Requirement ▸ Retype, without changes, every line from the line that contains "this 1600×1200 image." through the final line of the records. Exclude pictures.

Stored data entries:
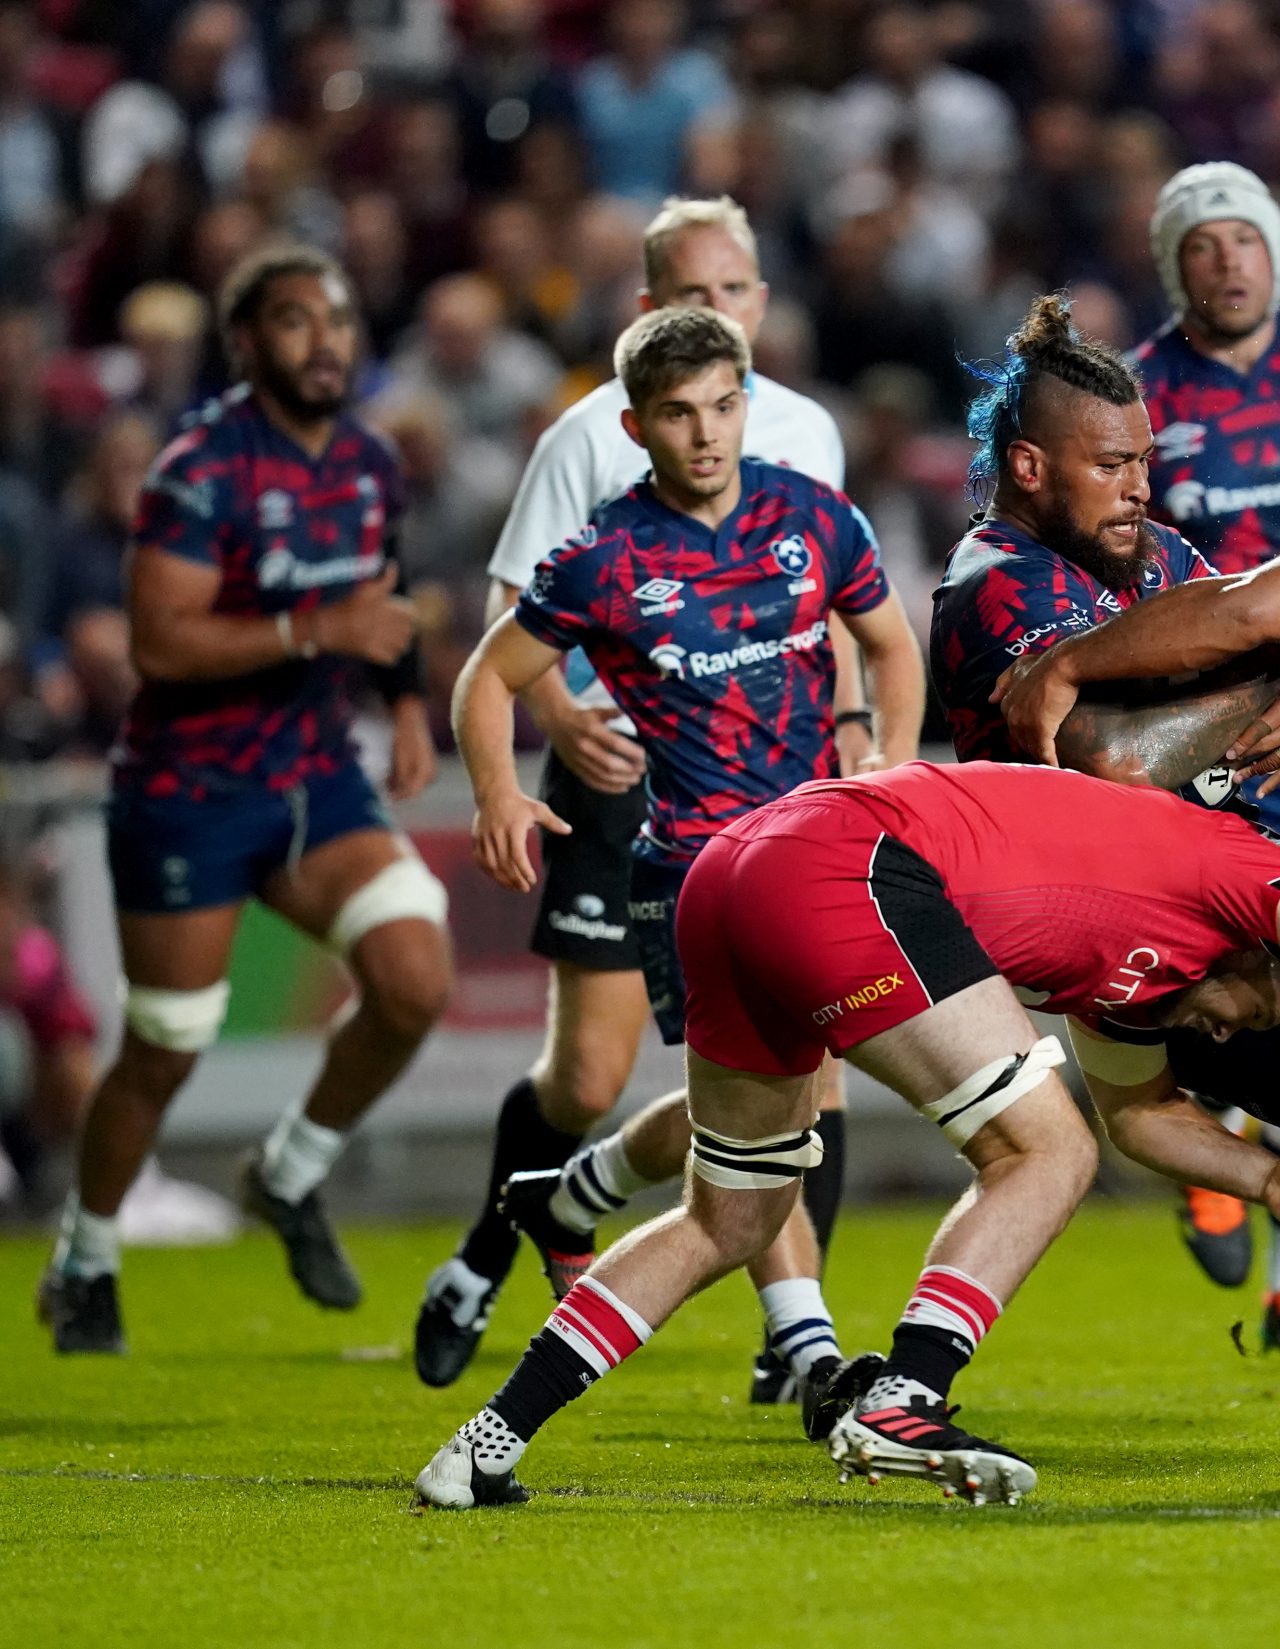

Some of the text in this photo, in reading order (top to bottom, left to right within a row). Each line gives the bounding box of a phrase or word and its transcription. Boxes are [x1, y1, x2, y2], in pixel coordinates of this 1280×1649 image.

[640, 599, 686, 617] umbro
[812, 972, 904, 1025] CITY INDEX
[1094, 947, 1159, 1011] CITY
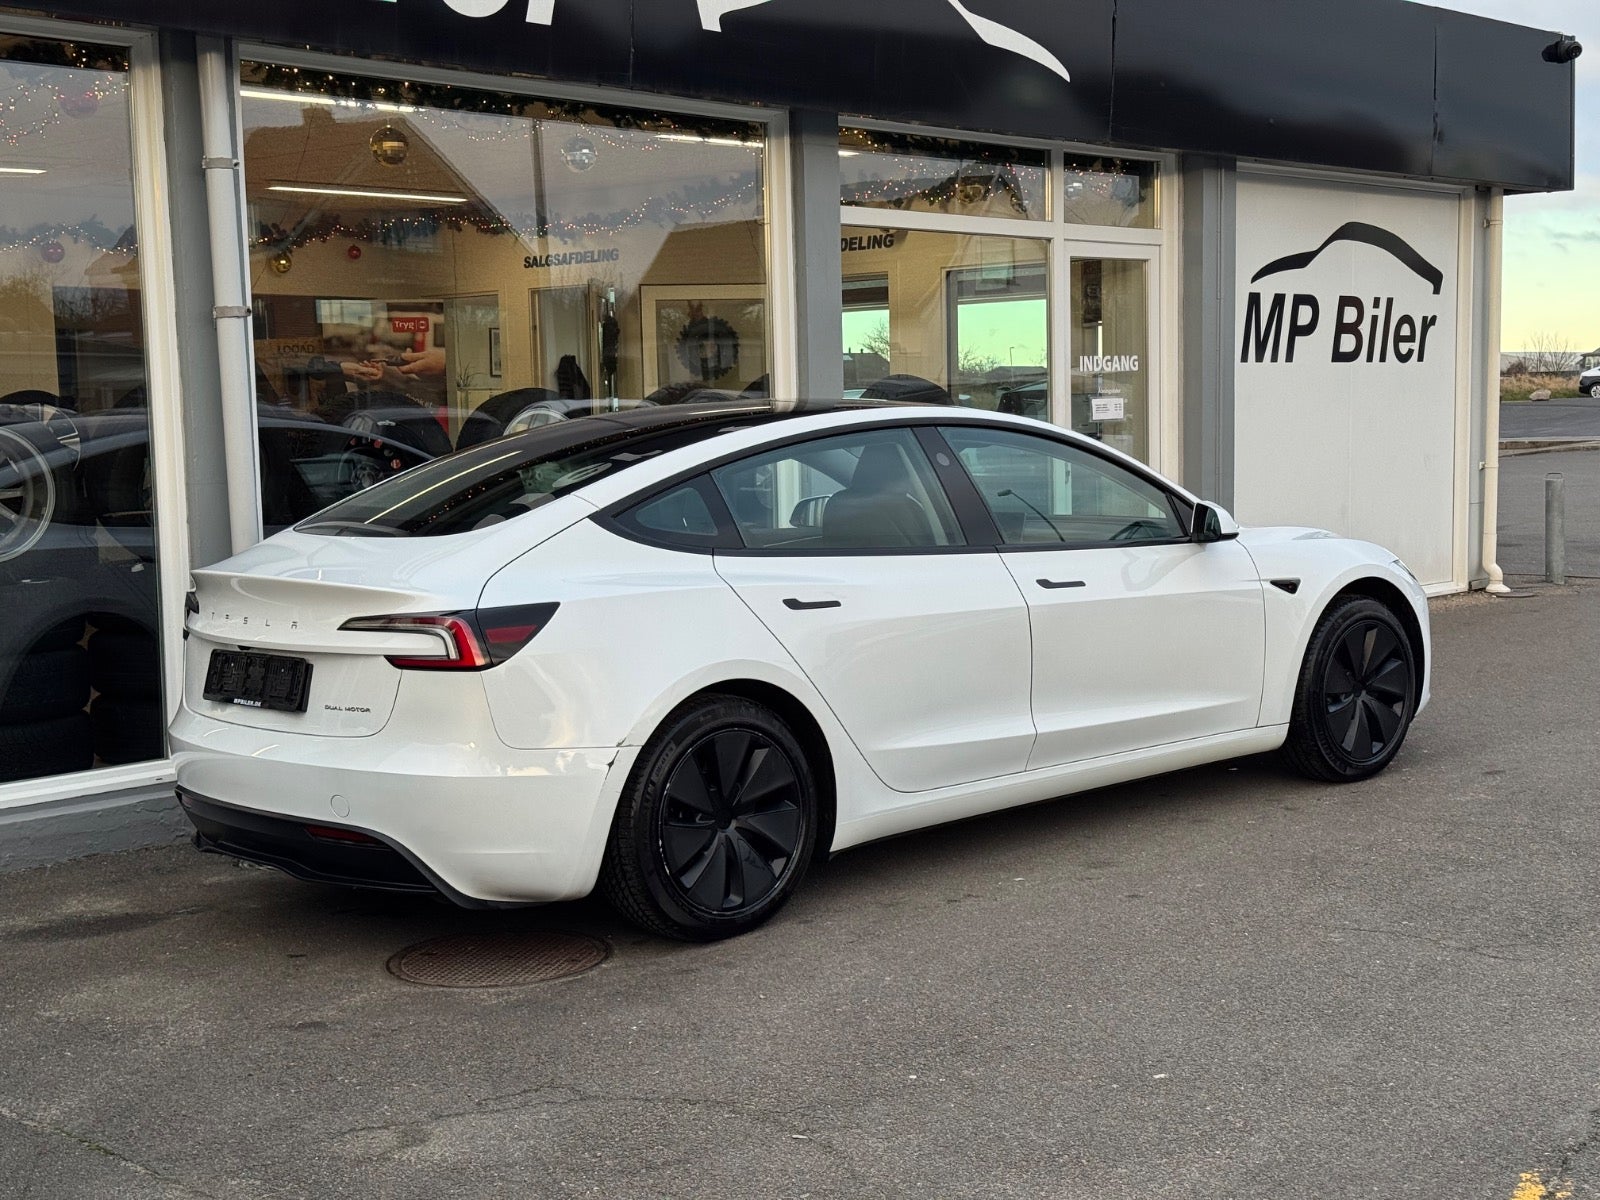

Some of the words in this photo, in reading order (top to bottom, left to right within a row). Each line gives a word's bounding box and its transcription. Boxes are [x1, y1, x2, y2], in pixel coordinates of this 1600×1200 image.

[523, 248, 620, 269] SALGSAFDELING
[394, 320, 415, 330] Tryg
[1240, 292, 1320, 363] MP
[1331, 295, 1438, 364] Biler
[1079, 355, 1139, 372] INDGANG
[324, 704, 343, 712] DUAL
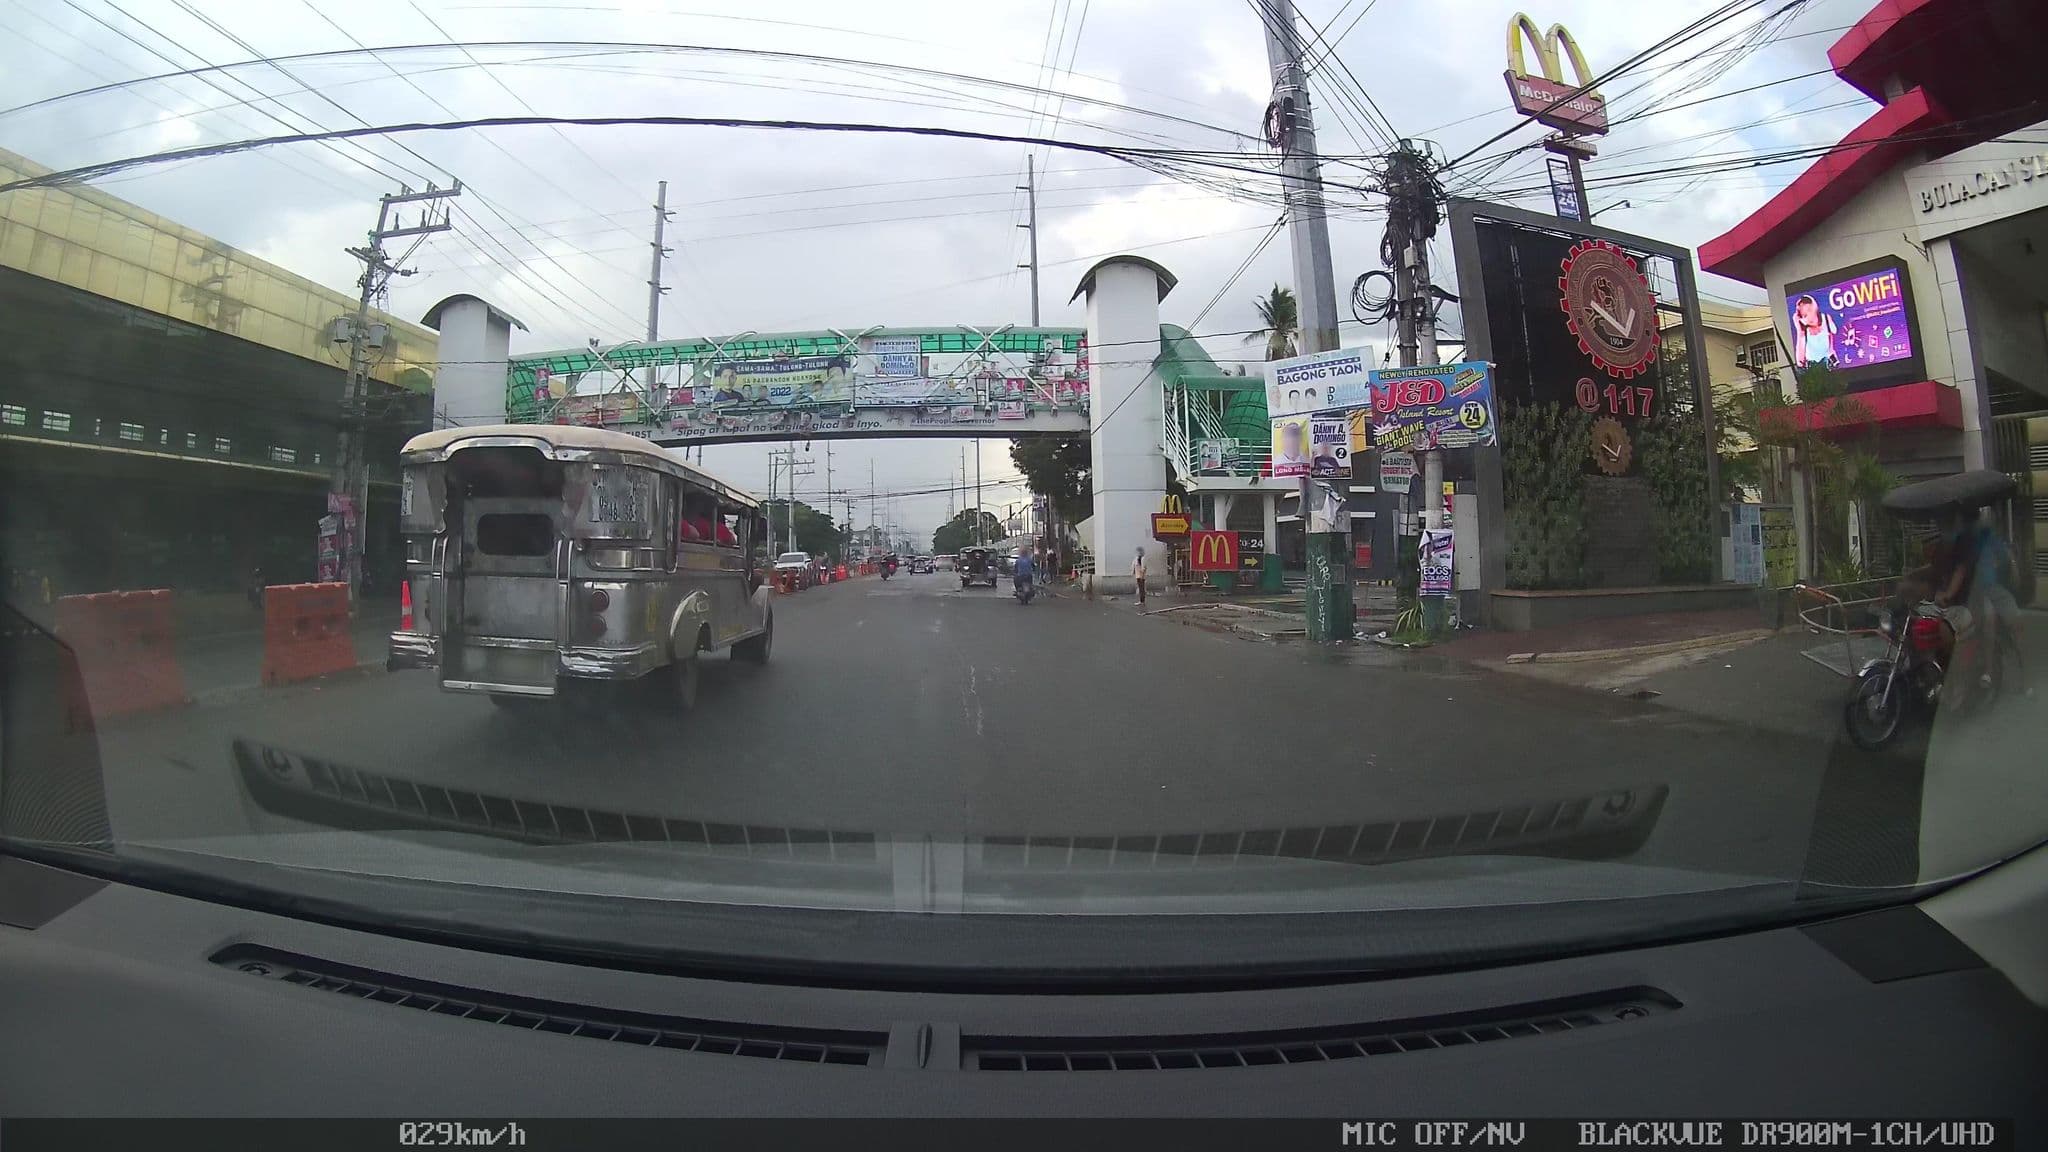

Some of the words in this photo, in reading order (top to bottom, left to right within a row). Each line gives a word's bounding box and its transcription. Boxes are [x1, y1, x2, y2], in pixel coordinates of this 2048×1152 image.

[1921, 162, 2018, 214] BULACAN
[1828, 273, 1898, 310] GoWiFi
[1277, 368, 1327, 386] BAGONG
[1328, 363, 1362, 377] TAON
[1379, 371, 1406, 380] NEWLY
[1407, 366, 1455, 377] RENOVATED
[770, 387, 792, 397] 2022
[1575, 377, 1653, 417] @117
[1397, 408, 1424, 418] Island
[1427, 406, 1454, 418] Resort
[1464, 408, 1481, 422] 24
[677, 428, 706, 436] Sipag
[857, 420, 883, 429] inyo.
[1313, 423, 1336, 434] DANNY
[1337, 423, 1346, 434] A.
[1376, 430, 1400, 446] GIANT
[1401, 420, 1425, 438] WAVE
[1313, 434, 1346, 444] DOMINGO
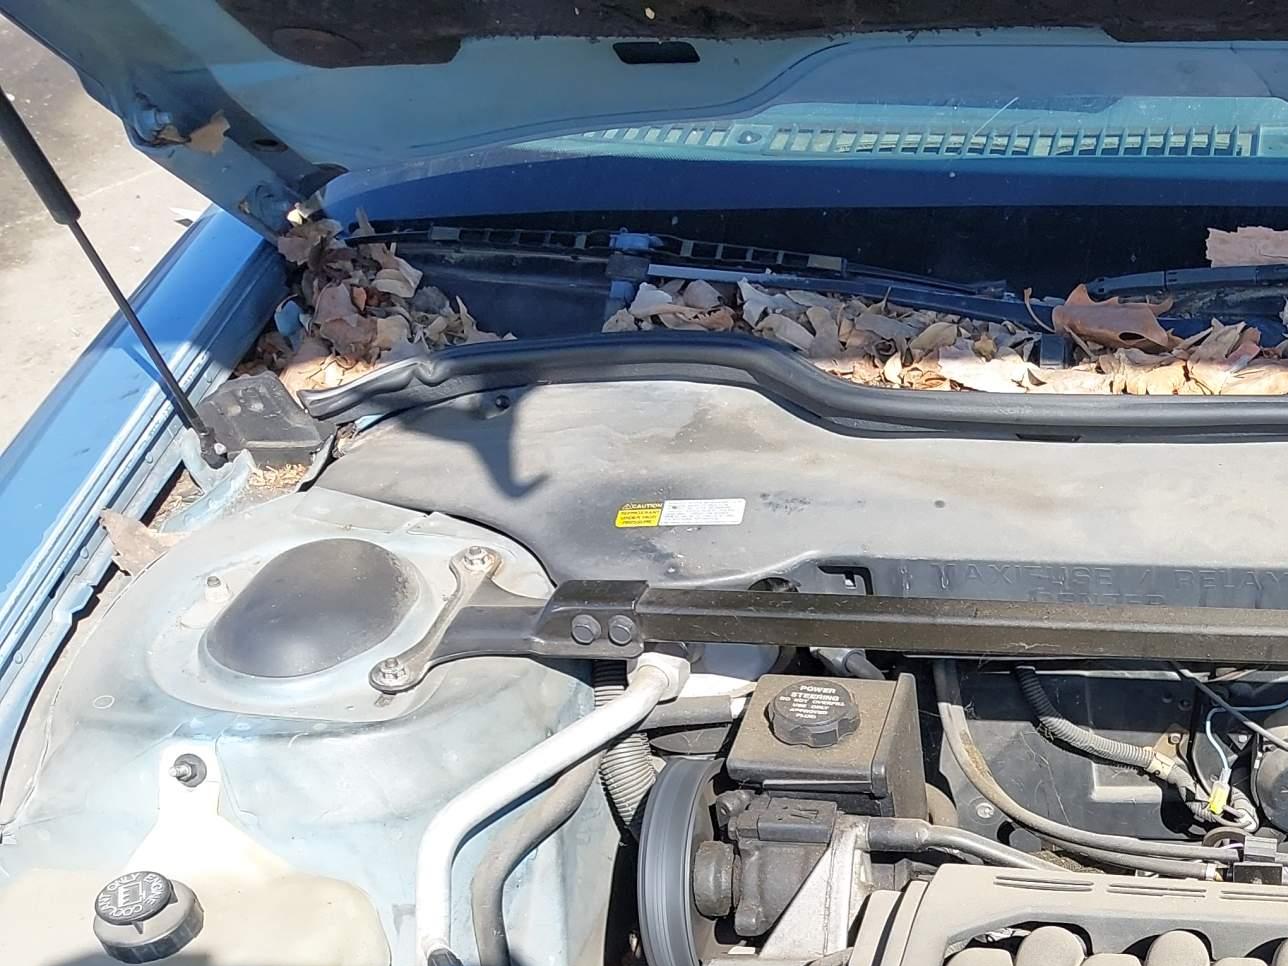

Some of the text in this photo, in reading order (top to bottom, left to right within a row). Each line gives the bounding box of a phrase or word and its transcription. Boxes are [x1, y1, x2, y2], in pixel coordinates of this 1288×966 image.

[631, 502, 663, 510] CAUTION
[799, 685, 837, 693] POWER
[790, 692, 840, 702] STEERING

Answer box ▸
Some of the words in this photo, in reading order (top to bottom, left to right within a row). Each line gives a word's bounding box and its transcription. Boxes are [x1, y1, x2, y2], in pixel coordinates of this 1600×1200 image.

[523, 248, 620, 269] SALGSAFDELING
[394, 320, 415, 330] Tryg
[1240, 292, 1320, 363] MP
[1331, 295, 1438, 364] Biler
[1079, 355, 1139, 372] INDGANG
[324, 704, 343, 712] DUAL

Some of the words in this photo, in reading order (top to bottom, left to right within a row). Each line gives a word's bounding box and its transcription. Boxes are [x1, y1, x2, y2], in pixel coordinates of this 2048×1152 image.

[1921, 162, 2018, 214] BULACAN
[1828, 273, 1898, 310] GoWiFi
[1277, 368, 1327, 386] BAGONG
[1328, 363, 1362, 377] TAON
[1379, 371, 1406, 380] NEWLY
[1407, 366, 1455, 377] RENOVATED
[770, 387, 792, 397] 2022
[1575, 377, 1653, 417] @117
[1397, 408, 1424, 418] Island
[1427, 406, 1454, 418] Resort
[1464, 408, 1481, 422] 24
[677, 428, 706, 436] Sipag
[857, 420, 883, 429] inyo.
[1313, 423, 1336, 434] DANNY
[1337, 423, 1346, 434] A.
[1376, 430, 1400, 446] GIANT
[1401, 420, 1425, 438] WAVE
[1313, 434, 1346, 444] DOMINGO

Some of the text in this photo, in reading order (top to bottom, left to right within a row). Each line gives the bounding box of a phrase or word and its transcription. Boxes are [x1, y1, x2, y2], in pixel coordinates of this 1288×966 image.

[631, 502, 663, 510] CAUTION
[799, 685, 837, 693] POWER
[790, 692, 840, 702] STEERING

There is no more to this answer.